── Data to use
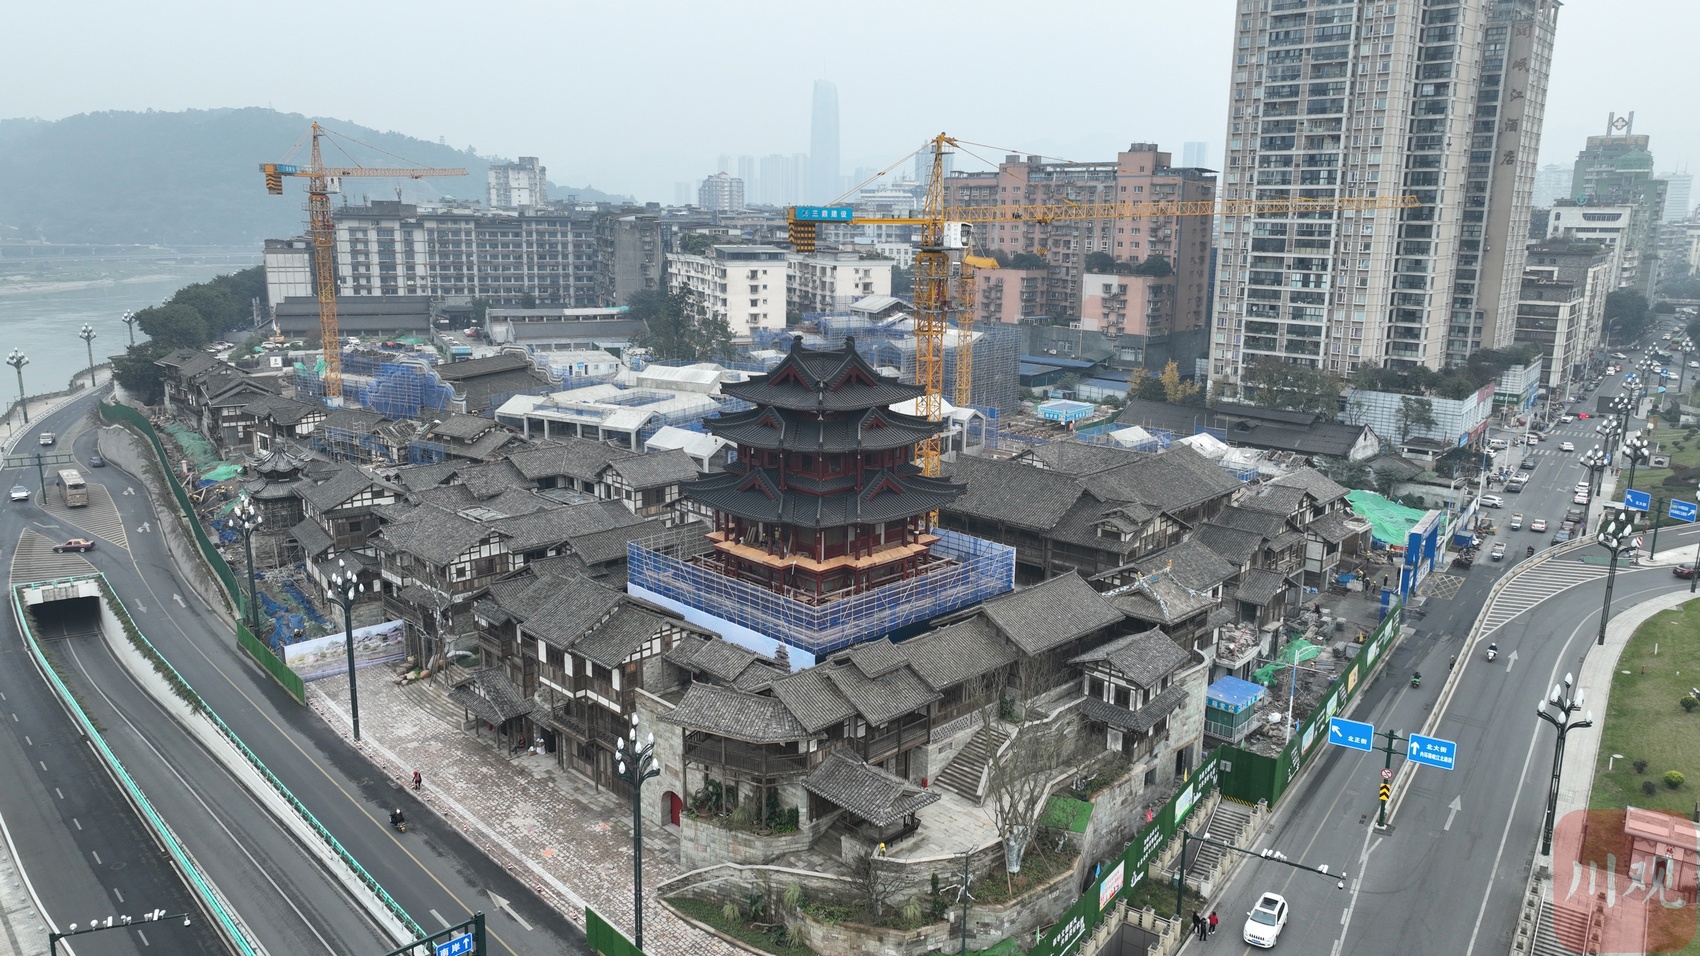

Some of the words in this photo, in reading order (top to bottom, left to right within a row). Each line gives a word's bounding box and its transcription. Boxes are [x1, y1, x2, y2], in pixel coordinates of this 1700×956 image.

[812, 209, 848, 219] 三鼎建设
[1348, 736, 1367, 745] 北正街
[1426, 744, 1447, 753] 北大街
[440, 942, 460, 956] 南岸
────
Word for word, quote the full listing, omitting every picture.

Result of the exercise
Some of the words in this photo, in reading order (top to bottom, left to right within a row). Each line gives a word's bounding box and its transcription. Boxes are [x1, y1, x2, y2], in pixel coordinates of this 1700×956 image.

[812, 209, 848, 219] 三鼎建设
[1348, 736, 1367, 745] 北正街
[1426, 744, 1447, 753] 北大街
[440, 942, 460, 956] 南岸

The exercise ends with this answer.